In the Gospel of Mark, "we find Jesus, at the moment of his baptism, having a vision of 'the heavens torn open.' Just as Mithras is revealed as a being from beyond the universe capable of altering the cosmic spheres, so here we find Jesus linked with a rupture of the heavens, an opening into the numinous realms beyond the furthest cosmic boundaries. "
     - David Ulansey, "The Cosmic Mysteries of Mithras"

For more remarkable parallels between these two religions, see Mithraism and Christianity.

Cult Practices

The Mithraeum
The mysteries of Mithra were celebrated in underground temples, built in imitation of caves, called methraei.

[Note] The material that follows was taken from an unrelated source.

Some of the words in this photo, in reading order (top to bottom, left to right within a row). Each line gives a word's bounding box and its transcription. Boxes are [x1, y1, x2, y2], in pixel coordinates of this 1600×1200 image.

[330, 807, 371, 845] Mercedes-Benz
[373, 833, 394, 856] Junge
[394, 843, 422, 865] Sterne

"The typical mithraeum was a small rectangular subterranean chamber, on the order of 75 feet by 30 feet with a vaulted ceiling. An aisle usually ran lengthwise down the center of the temple, with a stone bench on either side two or three feet high on which the cult's members would recline during their meetings. On average a mithraeum could hold perhaps twenty to thirty people at a time....There were many hundreds-- perhaps thousands-- of Mithraic temples in the Roman empire." 
     - David Ulansey, "The Cosmic Mysteries of Mithras"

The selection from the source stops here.